Hydroliennes marines

Le même enthousiasme s’est manifesté ensuite pour les hydroliennes marines ou fluviales, et le lancement de centrales importantes a été annoncé avant la fin des essais. Un objectif de 5 à 6 GW pour 2025/2030 (soit l’équivalent en puissance de 5 à 6 réacteurs nucléaires) a été fixé, malgré des coûts de production encore plus élevés que ceux des éoliennes marines (en France de 325 à 1.509 euros par MWh). Il ne sera pas du tout atteint. En novembre 2017, l’abandon par les industriels DCNS/Naval-EDF des essais de l’hydrolienne pour la centrale de Bréhat-Paimpol semble avoir refroidi l’enthousiasme. Les promoteurs des éoliennes marines et fluviales disent s’orienter désormais vers des marchés extérieurs, où, pour diverses raisons, les autres modes de production ne seraient pas adaptés.

Éoliennes marines flottantes

Ces éoliennes constituent une alternative aux éoliennes actuelles reposant sur un pylône au fond de la mer. Des essais sont en cours avec des coûts de production plus élevés que ceux des éoliennes marines classiques. Ce n’est pas forcément anormal pour des prototypes, à condition de ne pas lancer de production massive avant la conclusion des expérimentations et des recherches initiales.

Méthanisation

La méthanisation vantée encore au salon de l’agriculture comme une solution miracle est en réalité prise dans en ensemble de contradictions. Avec la technique actuelle, les méthaniseurs consomment soit du blé, du maïs ou de la betterave à sucre, comme en Allemagne, soit surtout des déchets d’élevage, la paille des céréales et des déchets alimentaires comme en principe en France. Les premiers sont assez efficaces mais leur utilisation de ressources alimentaires pour se chauffer peut choquer ; les seconds sont peu efficaces. Tous sont subventionnés, deux fois en France, d’abord de 45 à 65% au niveau de l’investissement,  puis au niveau de l’achat de leur production. En France le MWh leur est acheté entre 155 et 175 euros par MWh.Tant que des progrès technologiques décisifs ne sont pas réalisés, les méthaniseurs constituent surtout un moyen détourné de subventionner certains agriculteurs en dehors des règles de la PAC.

Conclusion

En France, les coûts des deux technologies les plus classiques, éolien terrestre et solaire, ne sont pas encore compétitifs avec les méthodes classiques de production. Elles ne le seront pas d’ici longtemps si on en juge par les réponses aux derniers appels d’offres pour l’éolien terrestre qui proposent des coûts de 65-67 euros par MWh, garantis pour la période 2022-2042, et indexés sur le coût du travail.

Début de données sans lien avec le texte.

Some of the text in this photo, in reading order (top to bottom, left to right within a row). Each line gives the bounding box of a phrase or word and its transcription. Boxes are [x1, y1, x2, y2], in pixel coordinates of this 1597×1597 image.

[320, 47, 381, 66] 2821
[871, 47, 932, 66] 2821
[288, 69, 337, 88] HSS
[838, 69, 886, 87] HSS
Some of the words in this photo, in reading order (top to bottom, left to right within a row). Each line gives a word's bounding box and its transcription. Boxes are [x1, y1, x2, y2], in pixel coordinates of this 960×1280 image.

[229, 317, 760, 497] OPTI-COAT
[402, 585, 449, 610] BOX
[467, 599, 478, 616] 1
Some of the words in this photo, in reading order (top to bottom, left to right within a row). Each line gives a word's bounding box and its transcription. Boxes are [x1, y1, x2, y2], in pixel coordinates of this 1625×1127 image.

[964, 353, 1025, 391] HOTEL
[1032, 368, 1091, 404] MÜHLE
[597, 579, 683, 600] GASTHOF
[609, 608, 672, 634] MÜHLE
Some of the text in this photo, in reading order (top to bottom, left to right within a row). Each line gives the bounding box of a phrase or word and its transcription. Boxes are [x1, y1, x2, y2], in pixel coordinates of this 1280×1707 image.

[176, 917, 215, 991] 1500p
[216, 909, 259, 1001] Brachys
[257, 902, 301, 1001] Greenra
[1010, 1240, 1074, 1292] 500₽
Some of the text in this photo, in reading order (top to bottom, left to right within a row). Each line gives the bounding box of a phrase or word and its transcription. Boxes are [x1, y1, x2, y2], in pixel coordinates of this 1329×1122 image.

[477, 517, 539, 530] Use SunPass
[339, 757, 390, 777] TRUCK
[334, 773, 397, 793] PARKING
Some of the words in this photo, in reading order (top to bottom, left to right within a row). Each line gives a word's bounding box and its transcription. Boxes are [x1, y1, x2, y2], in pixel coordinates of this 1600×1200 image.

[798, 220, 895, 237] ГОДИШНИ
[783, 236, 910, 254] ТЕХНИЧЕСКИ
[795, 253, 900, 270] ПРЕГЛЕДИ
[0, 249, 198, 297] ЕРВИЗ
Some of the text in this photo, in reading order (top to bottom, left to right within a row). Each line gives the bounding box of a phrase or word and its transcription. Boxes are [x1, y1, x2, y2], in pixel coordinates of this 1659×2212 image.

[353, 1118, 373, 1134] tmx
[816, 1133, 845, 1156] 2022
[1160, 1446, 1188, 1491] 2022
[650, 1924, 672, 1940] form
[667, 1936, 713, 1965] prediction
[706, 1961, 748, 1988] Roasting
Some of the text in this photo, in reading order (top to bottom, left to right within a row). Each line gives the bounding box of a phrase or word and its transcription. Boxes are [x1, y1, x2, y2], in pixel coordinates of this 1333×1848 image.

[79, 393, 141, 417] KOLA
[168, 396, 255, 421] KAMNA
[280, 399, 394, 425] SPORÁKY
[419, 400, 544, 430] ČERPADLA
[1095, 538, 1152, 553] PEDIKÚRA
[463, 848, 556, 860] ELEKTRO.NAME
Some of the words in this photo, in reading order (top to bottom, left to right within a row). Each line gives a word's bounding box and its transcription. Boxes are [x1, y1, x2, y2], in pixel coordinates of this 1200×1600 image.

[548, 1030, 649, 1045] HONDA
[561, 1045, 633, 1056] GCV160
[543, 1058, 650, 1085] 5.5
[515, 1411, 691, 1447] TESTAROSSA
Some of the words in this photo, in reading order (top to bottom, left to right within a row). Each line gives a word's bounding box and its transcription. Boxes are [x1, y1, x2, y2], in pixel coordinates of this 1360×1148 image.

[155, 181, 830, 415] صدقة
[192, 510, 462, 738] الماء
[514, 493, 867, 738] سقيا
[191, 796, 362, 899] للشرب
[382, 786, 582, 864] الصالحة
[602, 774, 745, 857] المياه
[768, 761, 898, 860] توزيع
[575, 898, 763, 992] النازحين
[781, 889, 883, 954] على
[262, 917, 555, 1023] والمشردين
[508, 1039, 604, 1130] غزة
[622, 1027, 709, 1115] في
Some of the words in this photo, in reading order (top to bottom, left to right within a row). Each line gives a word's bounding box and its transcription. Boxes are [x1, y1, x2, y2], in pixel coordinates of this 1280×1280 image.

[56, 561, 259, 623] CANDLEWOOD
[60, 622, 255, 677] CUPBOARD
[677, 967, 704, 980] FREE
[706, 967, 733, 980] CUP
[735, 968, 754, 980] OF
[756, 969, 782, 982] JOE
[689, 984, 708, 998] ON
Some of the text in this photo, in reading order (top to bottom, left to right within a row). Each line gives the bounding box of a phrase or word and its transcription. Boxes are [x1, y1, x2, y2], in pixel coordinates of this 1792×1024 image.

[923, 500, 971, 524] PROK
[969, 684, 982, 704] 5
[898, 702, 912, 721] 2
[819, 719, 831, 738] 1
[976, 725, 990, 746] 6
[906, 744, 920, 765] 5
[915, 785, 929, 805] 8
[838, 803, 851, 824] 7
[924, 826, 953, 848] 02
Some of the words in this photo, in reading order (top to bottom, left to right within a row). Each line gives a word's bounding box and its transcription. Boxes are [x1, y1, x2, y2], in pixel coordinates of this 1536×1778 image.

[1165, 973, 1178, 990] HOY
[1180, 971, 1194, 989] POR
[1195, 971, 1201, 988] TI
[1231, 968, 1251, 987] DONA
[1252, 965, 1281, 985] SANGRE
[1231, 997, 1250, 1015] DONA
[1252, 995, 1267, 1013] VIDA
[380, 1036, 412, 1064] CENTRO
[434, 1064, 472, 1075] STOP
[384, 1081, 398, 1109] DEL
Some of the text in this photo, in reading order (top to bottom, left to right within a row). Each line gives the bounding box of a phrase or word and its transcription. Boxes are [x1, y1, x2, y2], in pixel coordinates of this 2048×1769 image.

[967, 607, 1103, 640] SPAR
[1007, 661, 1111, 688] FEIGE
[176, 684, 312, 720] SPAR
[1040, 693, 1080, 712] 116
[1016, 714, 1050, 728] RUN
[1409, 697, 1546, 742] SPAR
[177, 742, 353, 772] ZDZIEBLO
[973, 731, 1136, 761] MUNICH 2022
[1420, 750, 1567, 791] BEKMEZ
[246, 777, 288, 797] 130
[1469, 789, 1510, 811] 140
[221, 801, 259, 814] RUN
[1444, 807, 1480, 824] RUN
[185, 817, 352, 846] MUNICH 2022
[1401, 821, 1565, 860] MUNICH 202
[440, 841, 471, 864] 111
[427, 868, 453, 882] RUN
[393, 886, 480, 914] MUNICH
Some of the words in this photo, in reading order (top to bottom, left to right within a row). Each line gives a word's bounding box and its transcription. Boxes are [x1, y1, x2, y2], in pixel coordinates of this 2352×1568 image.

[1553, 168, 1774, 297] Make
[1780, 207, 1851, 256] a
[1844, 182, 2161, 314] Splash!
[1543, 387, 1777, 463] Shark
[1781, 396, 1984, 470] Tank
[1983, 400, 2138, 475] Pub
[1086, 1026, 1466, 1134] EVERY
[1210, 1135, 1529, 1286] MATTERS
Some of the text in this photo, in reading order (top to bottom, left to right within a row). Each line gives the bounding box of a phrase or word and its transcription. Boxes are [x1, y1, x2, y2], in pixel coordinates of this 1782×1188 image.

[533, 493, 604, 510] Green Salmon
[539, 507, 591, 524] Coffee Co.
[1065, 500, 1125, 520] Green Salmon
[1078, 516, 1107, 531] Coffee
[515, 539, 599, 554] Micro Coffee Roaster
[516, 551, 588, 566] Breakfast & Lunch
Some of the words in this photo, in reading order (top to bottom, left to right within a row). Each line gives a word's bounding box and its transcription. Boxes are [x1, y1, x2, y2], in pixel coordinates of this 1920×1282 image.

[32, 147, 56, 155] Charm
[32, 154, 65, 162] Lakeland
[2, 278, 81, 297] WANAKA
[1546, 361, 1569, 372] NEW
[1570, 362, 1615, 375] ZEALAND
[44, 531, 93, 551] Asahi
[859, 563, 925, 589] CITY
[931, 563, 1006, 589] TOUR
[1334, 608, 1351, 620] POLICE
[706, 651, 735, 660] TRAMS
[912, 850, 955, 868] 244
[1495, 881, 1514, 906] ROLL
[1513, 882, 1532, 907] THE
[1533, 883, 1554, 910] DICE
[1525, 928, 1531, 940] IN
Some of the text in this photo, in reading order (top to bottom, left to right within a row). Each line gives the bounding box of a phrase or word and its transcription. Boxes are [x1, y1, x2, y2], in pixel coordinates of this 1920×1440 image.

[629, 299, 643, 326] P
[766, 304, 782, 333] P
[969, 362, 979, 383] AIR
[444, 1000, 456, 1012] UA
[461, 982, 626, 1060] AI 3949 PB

Pour toutes les technologies, ce qui semble anormal, c’est que des industriels aussi puissants qu’EDF, Bouygues, Engie, Siemens, aient besoin de garanties de prix élevés et de subventions pour se lancer dans des projets de quelques dizaines de millions ou de quelques millions d’euros. Une prudence inquiétante qui fait douter de leur confiance dans l’avenir de ces technologies.

Seule la recherche fondamentale et appliquée sera en mesure de résoudre le problème de la disponibilité de l’énergie à des coûts acceptables pour tous, en France et dans le monde, sans oublier les problèmes de pollution. Pas le déploiement massif de technologies obsolètes, comme le prouvent les six centrales marines dont la réalisation coûterait des dizaines de milliards d’euros aux consommateurs, et dont l’abandon ou la renégociation coûteraient aussi plusieurs milliards de pénalités.